— Exercise material —
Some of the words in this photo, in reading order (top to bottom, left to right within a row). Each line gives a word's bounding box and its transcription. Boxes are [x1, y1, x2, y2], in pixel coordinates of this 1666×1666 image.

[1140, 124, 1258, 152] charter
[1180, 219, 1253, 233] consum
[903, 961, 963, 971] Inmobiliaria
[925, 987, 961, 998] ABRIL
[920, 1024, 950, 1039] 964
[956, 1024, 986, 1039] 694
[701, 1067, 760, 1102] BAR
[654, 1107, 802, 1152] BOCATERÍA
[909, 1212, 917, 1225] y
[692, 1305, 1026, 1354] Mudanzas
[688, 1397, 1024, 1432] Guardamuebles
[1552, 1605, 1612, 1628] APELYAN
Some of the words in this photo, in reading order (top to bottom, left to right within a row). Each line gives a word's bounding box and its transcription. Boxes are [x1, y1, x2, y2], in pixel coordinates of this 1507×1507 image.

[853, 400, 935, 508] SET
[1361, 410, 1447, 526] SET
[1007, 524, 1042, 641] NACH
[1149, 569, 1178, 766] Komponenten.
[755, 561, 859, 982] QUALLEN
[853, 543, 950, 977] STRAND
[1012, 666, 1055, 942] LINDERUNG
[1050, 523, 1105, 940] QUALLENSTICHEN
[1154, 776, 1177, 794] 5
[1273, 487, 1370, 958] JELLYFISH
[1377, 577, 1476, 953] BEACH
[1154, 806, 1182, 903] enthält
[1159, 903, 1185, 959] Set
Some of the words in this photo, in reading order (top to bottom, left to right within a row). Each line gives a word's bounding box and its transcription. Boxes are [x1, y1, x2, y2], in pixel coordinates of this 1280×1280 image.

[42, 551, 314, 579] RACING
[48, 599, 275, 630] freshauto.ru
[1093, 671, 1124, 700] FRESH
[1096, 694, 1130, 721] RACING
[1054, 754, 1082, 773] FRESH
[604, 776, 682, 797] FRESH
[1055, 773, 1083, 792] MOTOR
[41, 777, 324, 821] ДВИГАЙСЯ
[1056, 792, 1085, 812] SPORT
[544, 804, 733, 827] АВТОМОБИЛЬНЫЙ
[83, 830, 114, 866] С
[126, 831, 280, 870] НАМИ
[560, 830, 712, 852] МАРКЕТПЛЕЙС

— The task —
Write down every record shown above precisely.

— Exercise answer —
Some of the words in this photo, in reading order (top to bottom, left to right within a row). Each line gives a word's bounding box and its transcription. Boxes are [x1, y1, x2, y2], in pixel coordinates of this 1666×1666 image.

[1140, 124, 1258, 152] charter
[1180, 219, 1253, 233] consum
[903, 961, 963, 971] Inmobiliaria
[925, 987, 961, 998] ABRIL
[920, 1024, 950, 1039] 964
[956, 1024, 986, 1039] 694
[701, 1067, 760, 1102] BAR
[654, 1107, 802, 1152] BOCATERÍA
[909, 1212, 917, 1225] y
[692, 1305, 1026, 1354] Mudanzas
[688, 1397, 1024, 1432] Guardamuebles
[1552, 1605, 1612, 1628] APELYAN
Some of the words in this photo, in reading order (top to bottom, left to right within a row). Each line gives a word's bounding box and its transcription. Boxes are [x1, y1, x2, y2], in pixel coordinates of this 1507×1507 image.

[853, 400, 935, 508] SET
[1361, 410, 1447, 526] SET
[1007, 524, 1042, 641] NACH
[1149, 569, 1178, 766] Komponenten.
[755, 561, 859, 982] QUALLEN
[853, 543, 950, 977] STRAND
[1012, 666, 1055, 942] LINDERUNG
[1050, 523, 1105, 940] QUALLENSTICHEN
[1154, 776, 1177, 794] 5
[1273, 487, 1370, 958] JELLYFISH
[1377, 577, 1476, 953] BEACH
[1154, 806, 1182, 903] enthält
[1159, 903, 1185, 959] Set
Some of the words in this photo, in reading order (top to bottom, left to right within a row). Each line gives a word's bounding box and its transcription. Boxes are [x1, y1, x2, y2], in pixel coordinates of this 1280×1280 image.

[42, 551, 314, 579] RACING
[48, 599, 275, 630] freshauto.ru
[1093, 671, 1124, 700] FRESH
[1096, 694, 1130, 721] RACING
[1054, 754, 1082, 773] FRESH
[604, 776, 682, 797] FRESH
[1055, 773, 1083, 792] MOTOR
[41, 777, 324, 821] ДВИГАЙСЯ
[1056, 792, 1085, 812] SPORT
[544, 804, 733, 827] АВТОМОБИЛЬНЫЙ
[83, 830, 114, 866] С
[126, 831, 280, 870] НАМИ
[560, 830, 712, 852] МАРКЕТПЛЕЙС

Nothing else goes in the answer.